Hwat! How? Why? What does she want? I got up to open the door and when I did there she was, Triela at my door. I let her in and I signaled her to have a seat on my bed, anyway the chairs were hard and I was sitting on the bed too.

"Is something wrong?" I asked her.

"Yeah, I have a little problem." She replied softly.

"So why are you asking me?"

"Well, you were going around helping people out two days ago (Chap 8) I thought maybe you could help me out, if that's ok."

"Is it about the girls?'

"Nope."

"A handler?"

"…Hillshire."

If she had said no at that question I don't know what I'll do.

"Well go ahead, ask away."

"I think Hillshire likes me. What do guys do when they like a girl."

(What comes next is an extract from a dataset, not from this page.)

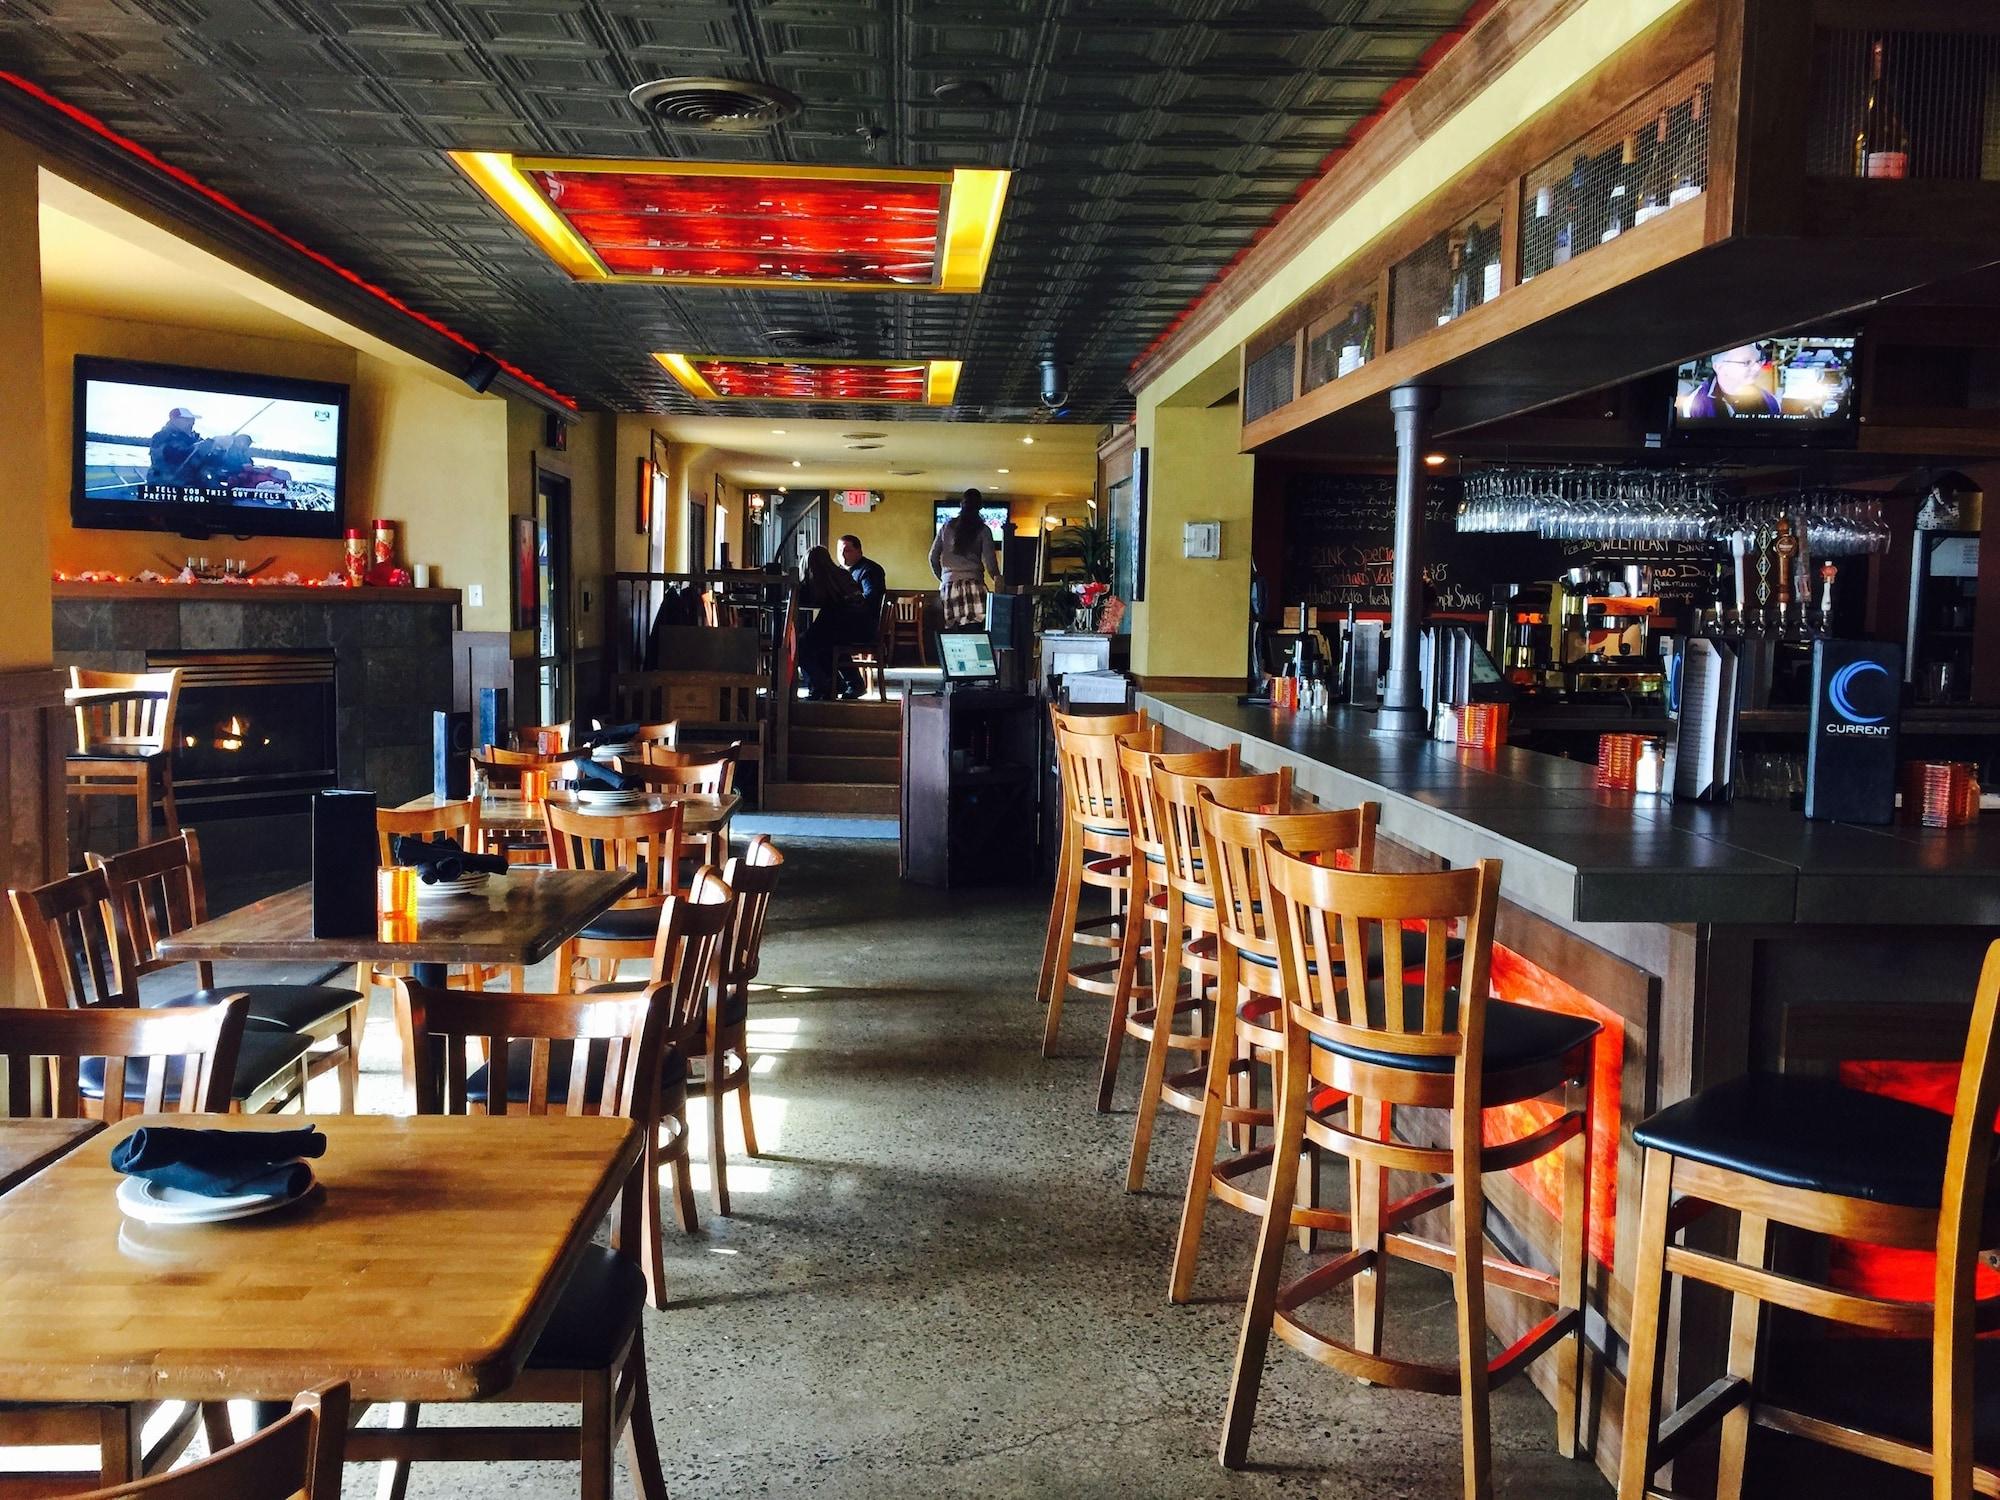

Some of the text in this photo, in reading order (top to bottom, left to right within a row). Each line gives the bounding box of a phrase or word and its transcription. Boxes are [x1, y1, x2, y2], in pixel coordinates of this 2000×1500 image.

"…We… do… things… differently… from the usual."

"Like?"

"Well Hillshire would—"

"What would you do Raph?"

Gulp, it's like a grip on my neck, I can't breathe!

"I don't know."

"Don't you like someone?"

"Well I like Henrietta…"

At that moment I could see a frown form on her face.

"I like Henrietta she's a cute girl. I like Claes she's bright and pretty. I like Rico she's sweet and positive with everything…"

"O I see." She said, as she looked down.

At that moment I felt it all little voice in me 'If you've been finding the time to tell her, now is the time go ahead before you lose her. Go! Go! Go!'

"Sigh I like you… you're smart, you're beautiful I can't stop thinking about you Triela… I…I…"

I am starting to sound like Claes! Before I could say what I wanted to say Triela looked at me and smiled.

"That's all I needed to hear from you Raph."

And with that she jumped into my arms. I lost balance and we both lay on the bed. No we did not go any farther than the embrace. We just stayed there in each other's arms feeling the warmth of one another. We just held on wishing this moment would last forever.